Güncelleme Tarihi:
Ay Yapım, BKM ve ANS gibi önemli yapım şirketlerinin birçok projesinde oyuncu koçu olarak yer alan Gülay Say, kurucularından olduğu Yabancı Sahne’de geçtiğimiz yıldan beridir ‘Netoçka Nezvanova’yı da kapalı gişe oynamaya devam ediyor. Say, oyunun gördüğü ilgiden dolayı mutluluğunu dile getirerek, “Netoçka kariyerimin sınır tanımayan kızı” dedi.
Dostoyevski aşığıyız
Bugüne kadar Yabancı Sahne’de Dostoyevski’nin ölümsüz eserlerinden ‘Suç ve Ceza’, ‘Beyaz Geceler’ ile ‘Netoçka Nezvanova’yı sahneye uyarladıklarını anlatan Say, sözlerini şöyle sürdürdü: “Biz Dostoyevski aşığı bir tiyatroyuz. Klasik metinlere olan ilgimiz, tiyatromuzun ilkesinin temel düsturu. Dostoyevski başta olmak üzere, tüm klasik eserlere dokunabilmek çok heyecan verici.”

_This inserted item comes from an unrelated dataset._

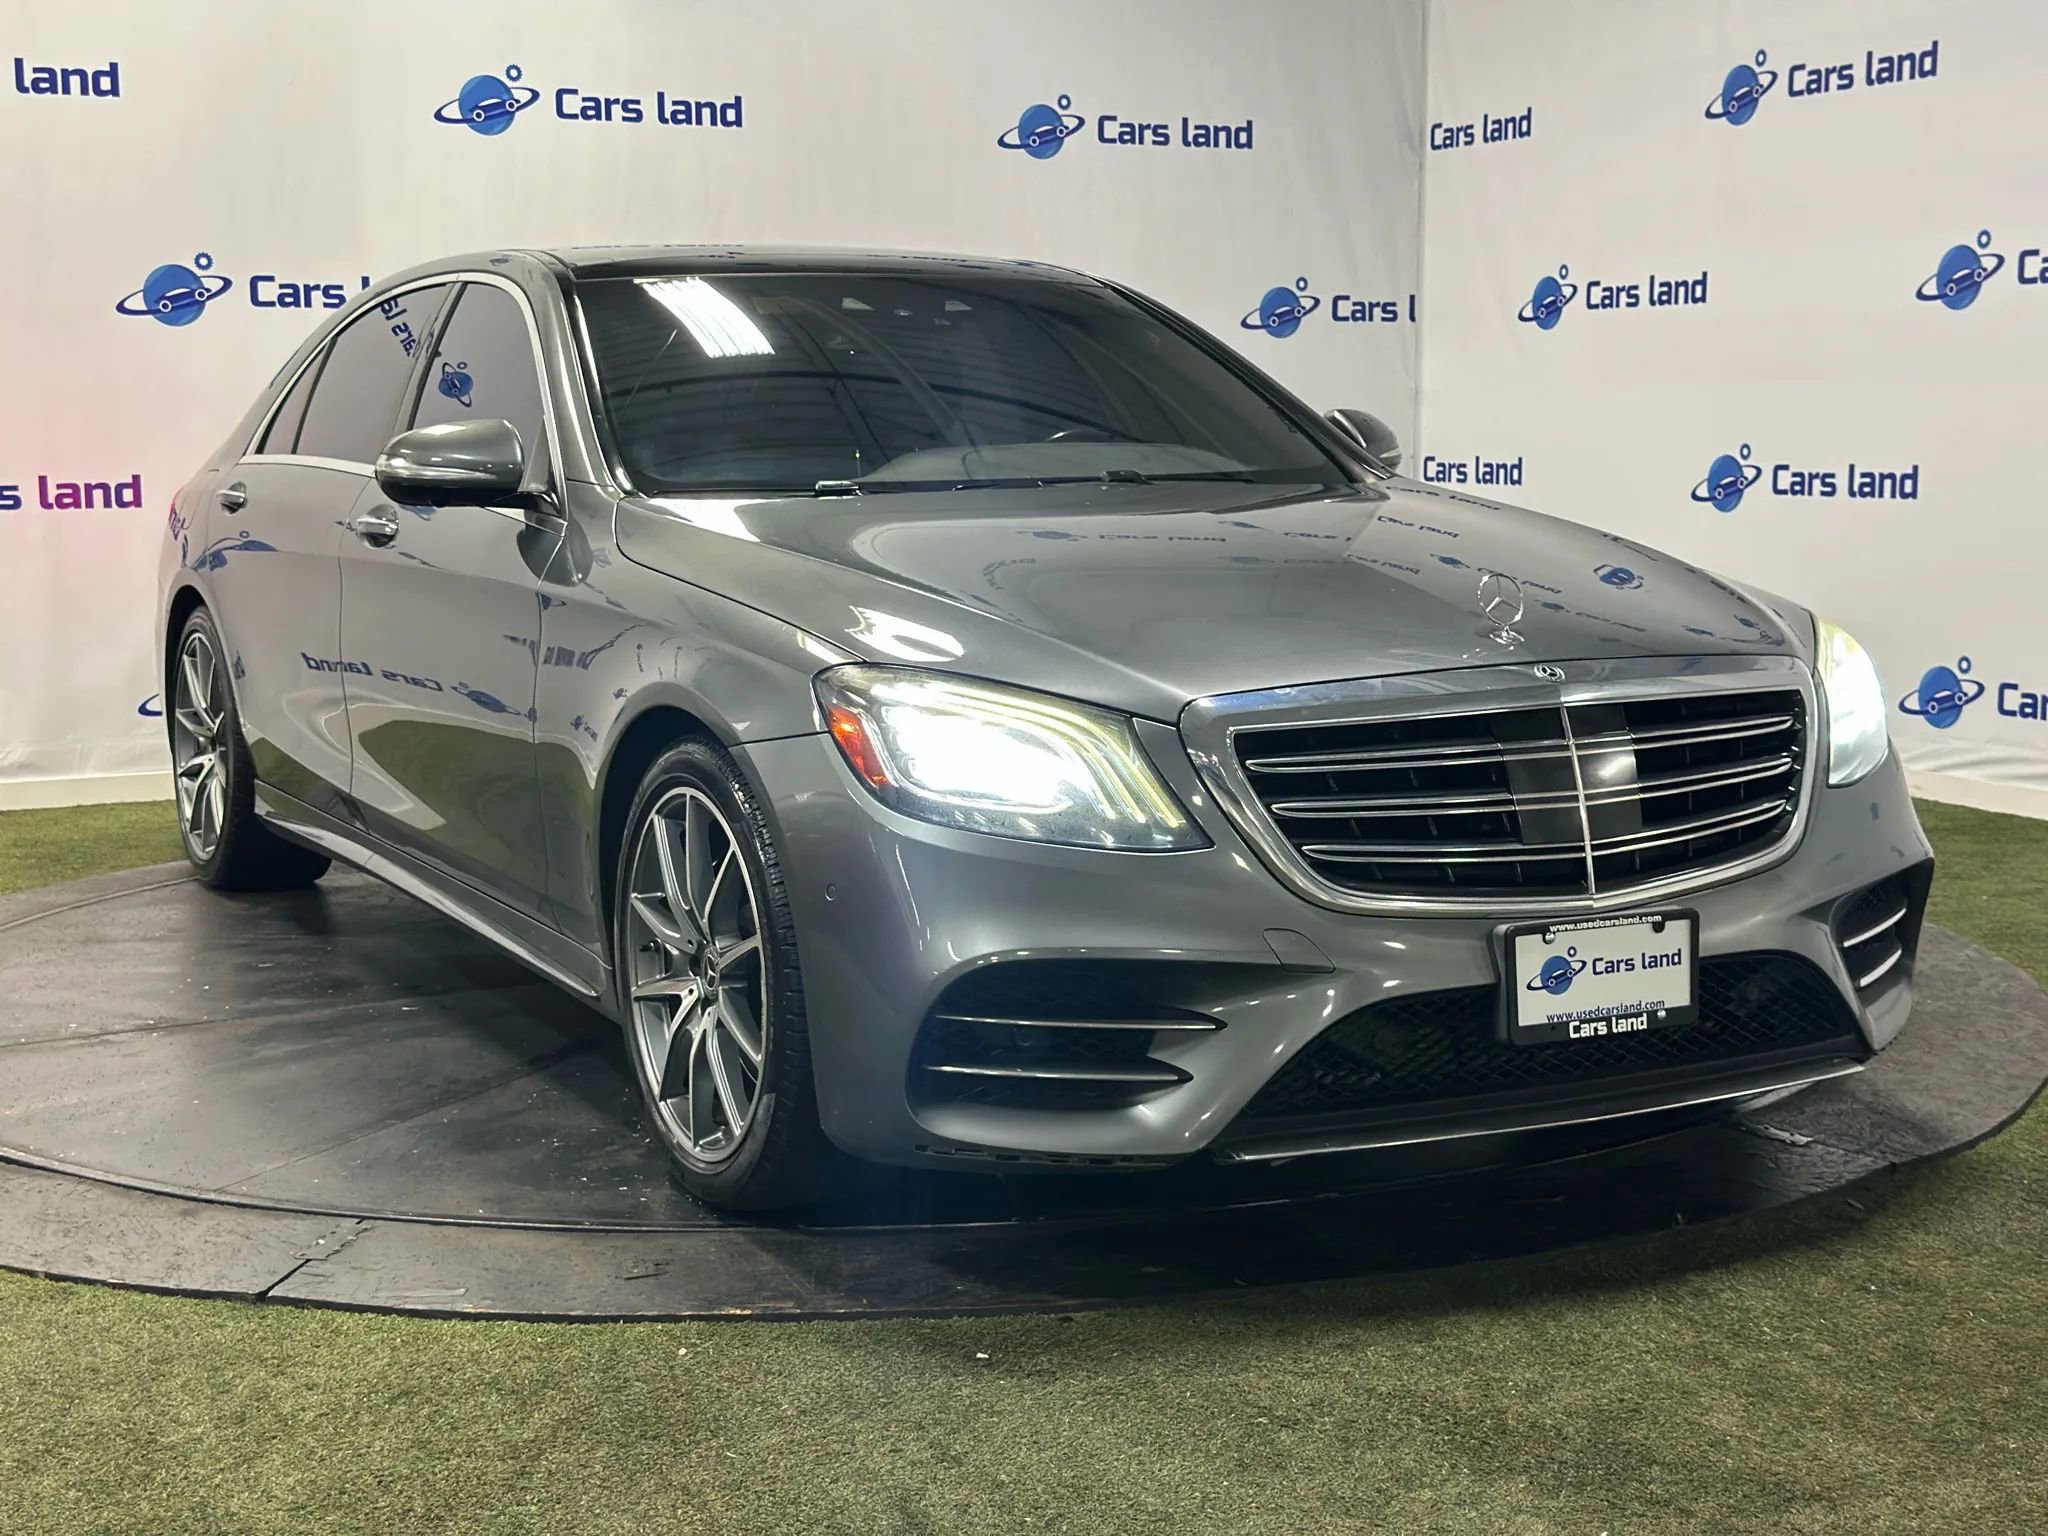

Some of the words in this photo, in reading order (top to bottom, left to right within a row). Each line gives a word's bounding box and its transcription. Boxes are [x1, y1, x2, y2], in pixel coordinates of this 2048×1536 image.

Netoçka adındaki küçük kızın hasta annesi ve başarısız bir müzisyen olan alkolik üvey babası ile yaşadığı acılı çocukluğunun, ilk gençlik yıllarının anlatıldığı oyun ile geçtiğimiz yıl Ekin Yazın Dostları tarafından ‘Küçük Salon En İyi Kadın Oyuncu Ödülü’ne layık görülen Say, Netoçka’yı oynamanın kendisi için farklı bir deneyim olduğunu anlattı.
Geride kalan duygularımı ortaya çıkardı
Dostoyevski’nin yarım kalan tek eseri olan Netoçka Nezvanova’da Netoçka’yı tiyatro sahnesinde canlandırmanın çok zor olduğunu belirten Say, “Ancak zor olmasa bu kadar keyifli olur muydu onu da bilmiyorum. Bugüne kadar oynadığım karakterlerin dışında benim sınırlarımı en çok zorlayan, geride bıraktığım duygularımı tekrar ortaya çıkaran karakter oldu Netoçka. Bir kız çocuğunun göz ardı edilen, en çok görmekten kaçınılan tüm yanlarıyla sahnedeyim. Bu sayede oyunculuk tatminimi üst seviyelere çıkardı. Bende bambaşka bir pencere açtı” ifadelerini kullandı. Zafer Altun ile birlikte sahnede iki kişi olmalarına rağmen aslında ikisi için de tek kişilik bir oyun zorluğu yaşadıklarını da anlatan Say, “Eğer cesaret edemeyerek kenara çekilseydik yeni rollerin hayatımıza katacağı deneyimi ve keyfi de bir çırpıda silip atmış olurduk” diye konuştu.
Yarım kalmış, sonu yazılamamış bir eseri yazarın kalemine müdahale etmeden, seyirciyi de şaşırtacak bir sona ulaştırmanın çok zahmetli bir iş olduğunun da altını çizen Say, Deniz Hamzaoğlu’nun zekice kurgusuyla bunun da altından kalktıklarını söyledi.
Cesur ekipler var
Türkiye’de sahnelenen tiyatro oyunları arasında birçoğunu çok beğendiğini, çok cesur, özgür ve sınırsız bulduğunu ifade eden Say, “Herkes için aynı şeyi söyleyemem ama öyle ekipler var ki önlerinde şapka çıkartılır. İzlediğinizde ruhunuz, aklınız doyuyor” dedi.